A inicial veio instruída com os documentos constantes da ordem eletrônica nº 1.

É o relatório. Passo a fundamentar e a decidir.

Não há dúvida quanto à competência desta Corte para processar e julgar ações
envolvendo o direito de greve dos servidores públicos no âmbito da justiça estadual, diante do
posicionamento adotado pelo STF no julgamento dos Mandados de Injunção nºs 670/ES, 708/DF e
712/PA, conforme, aliás, o seguinte acórdão da lavra do Des. Carlos Tork, senão vejamos:

“AÇÃO ORDINÁRIA. GREVE. SINDICATO DOS SERVENTUÁRIOS DA JUSTIÇA.

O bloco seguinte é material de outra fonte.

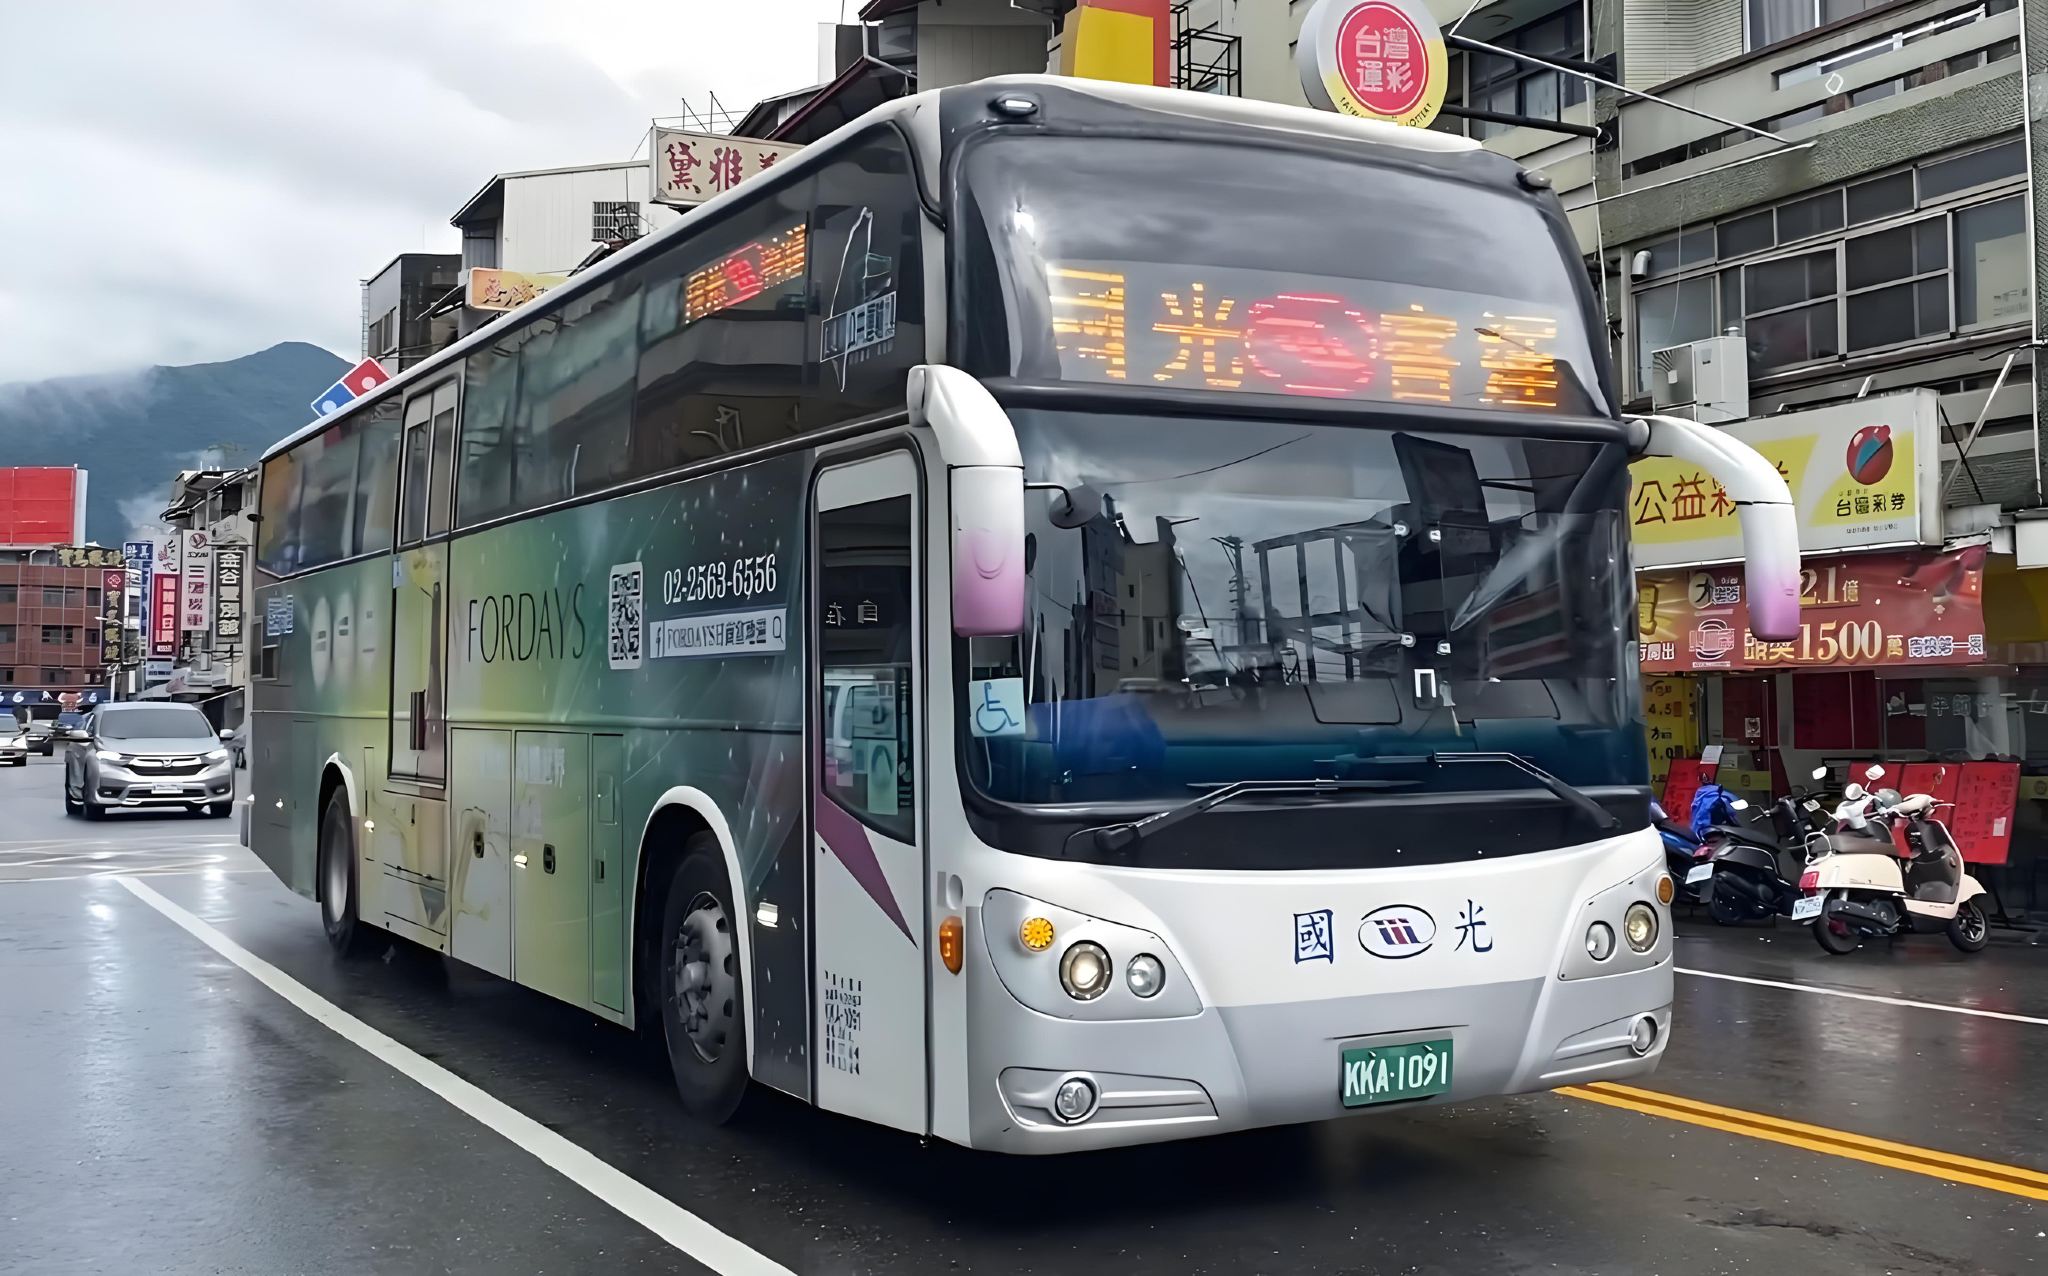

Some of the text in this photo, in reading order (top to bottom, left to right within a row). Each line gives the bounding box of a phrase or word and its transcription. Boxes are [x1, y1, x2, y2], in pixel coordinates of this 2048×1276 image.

[1356, 60, 1414, 94] 運彩
[663, 553, 777, 605] 02-2563-6556
[468, 583, 586, 664] FORDAYS
[1293, 898, 1493, 965] 國 光
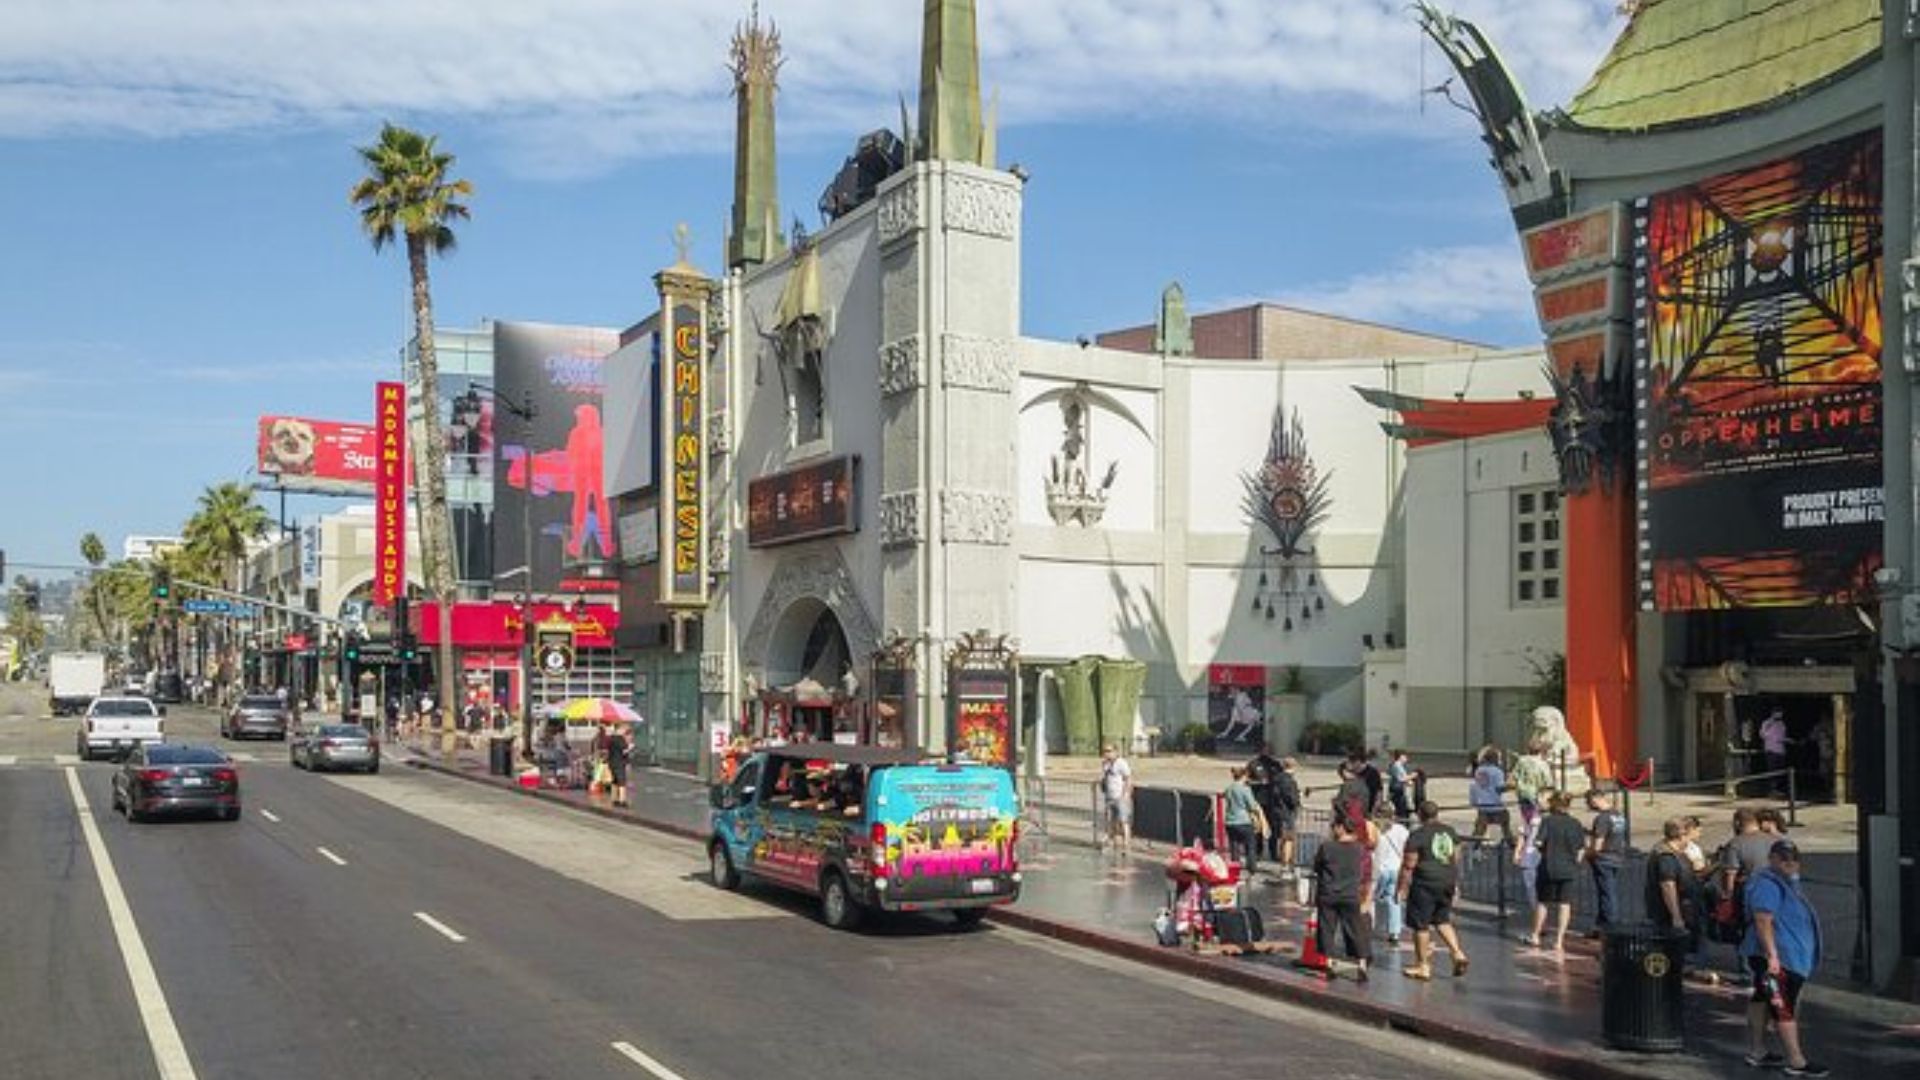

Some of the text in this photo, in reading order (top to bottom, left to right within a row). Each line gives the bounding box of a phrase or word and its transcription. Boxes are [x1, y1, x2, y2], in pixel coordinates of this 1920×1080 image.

[1658, 404, 1875, 449] OPPENHEIME
[675, 325, 699, 574] CHINESE
[383, 387, 399, 601] MADAME TUSSAUDS
[1784, 491, 1837, 511] PROUDLY
[1784, 513, 1797, 528] IN
[1799, 510, 1827, 526] IMAX
[714, 731, 726, 747] 3
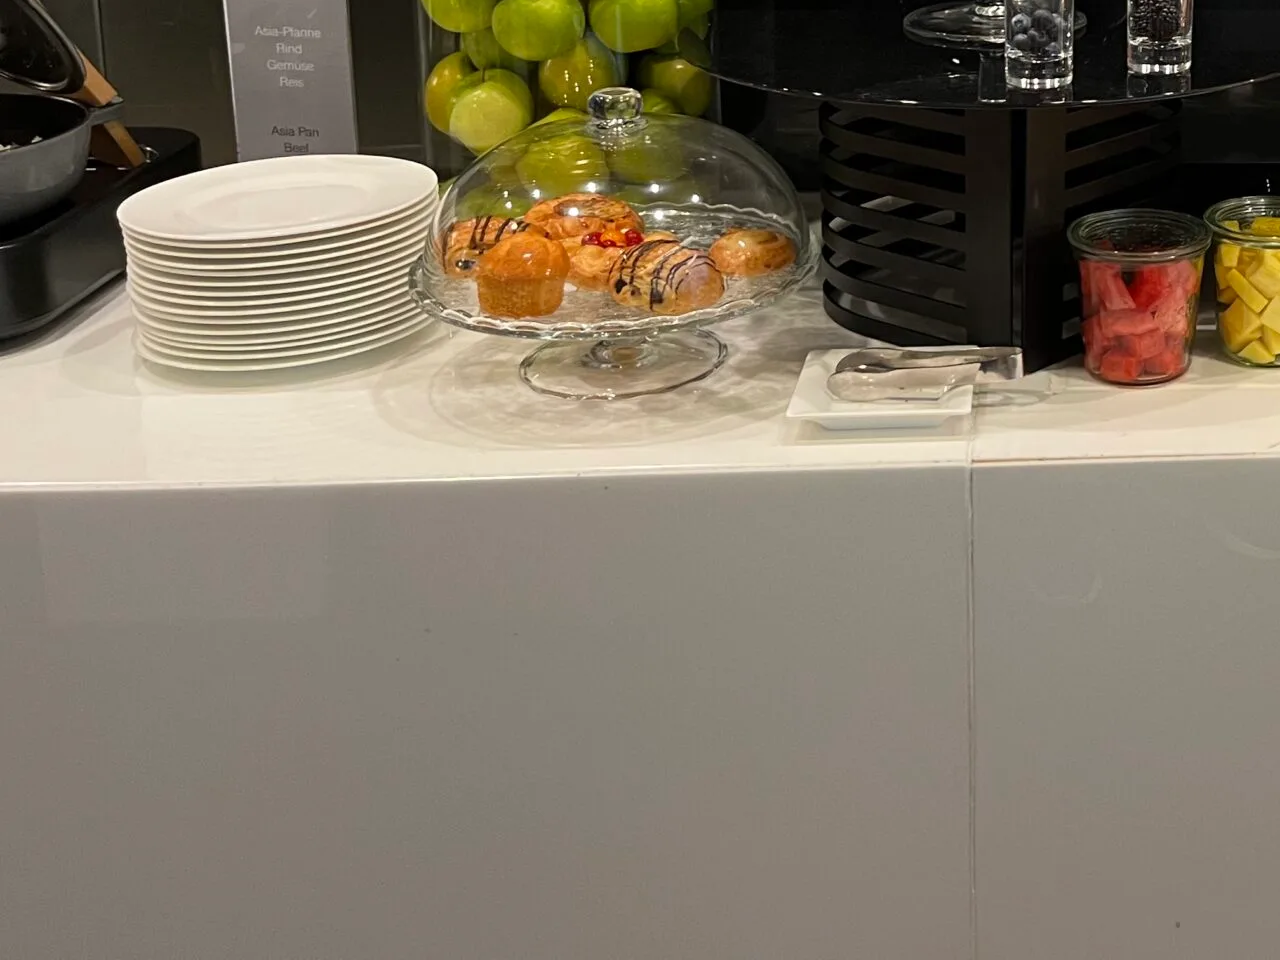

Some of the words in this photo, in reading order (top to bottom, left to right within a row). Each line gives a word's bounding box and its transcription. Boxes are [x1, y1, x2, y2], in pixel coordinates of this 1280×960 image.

[275, 42, 303, 54] Rind
[279, 76, 304, 88] Reis
[271, 125, 295, 136] Asia
[298, 126, 320, 137] Pan
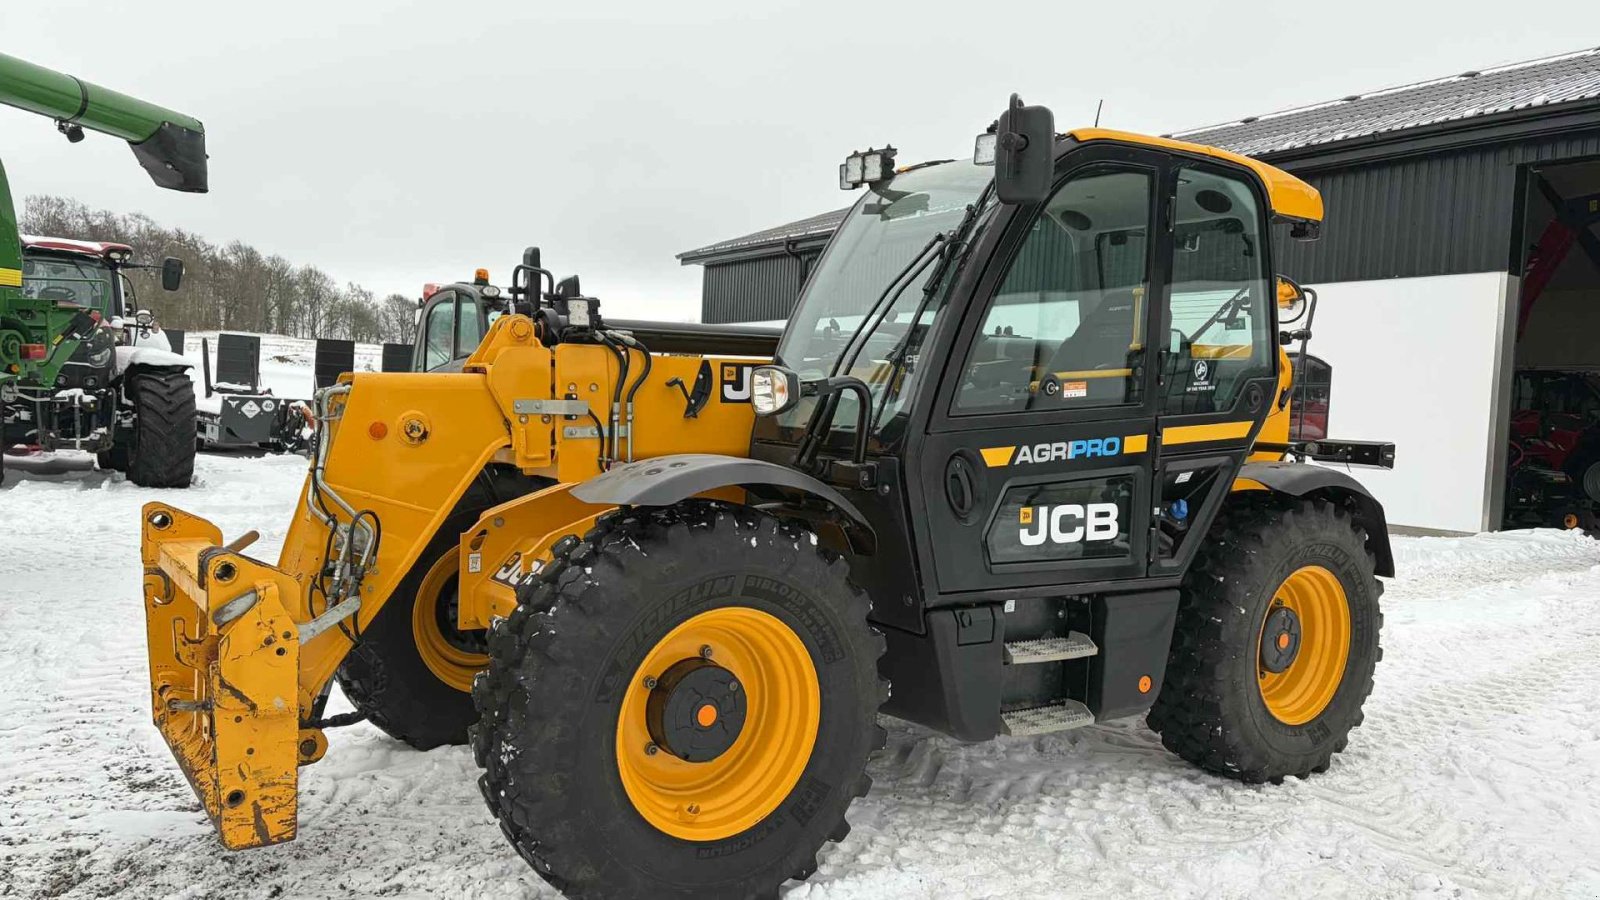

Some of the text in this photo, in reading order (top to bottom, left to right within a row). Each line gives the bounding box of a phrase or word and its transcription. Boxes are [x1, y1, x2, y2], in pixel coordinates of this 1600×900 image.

PRELIMINAR. INCOMPETÊNCIA DO TRIBUNAL DE JUSTIÇA DO ESTADO DO AMAPA.
INOCORRÊNCIA.[...]1) O Supremo Tribunal Federal já pacificou o entendimento de que a
demanda que discute a legalidade de movimento prevista de servidores públicos estaduais é
competência do Tribunal de Justiça Estadual. [...]”. (TJAP - Processo nº 0002159-
96.2016.8.03.0000, Tribunal Pleno, julgado em 12/07/2017)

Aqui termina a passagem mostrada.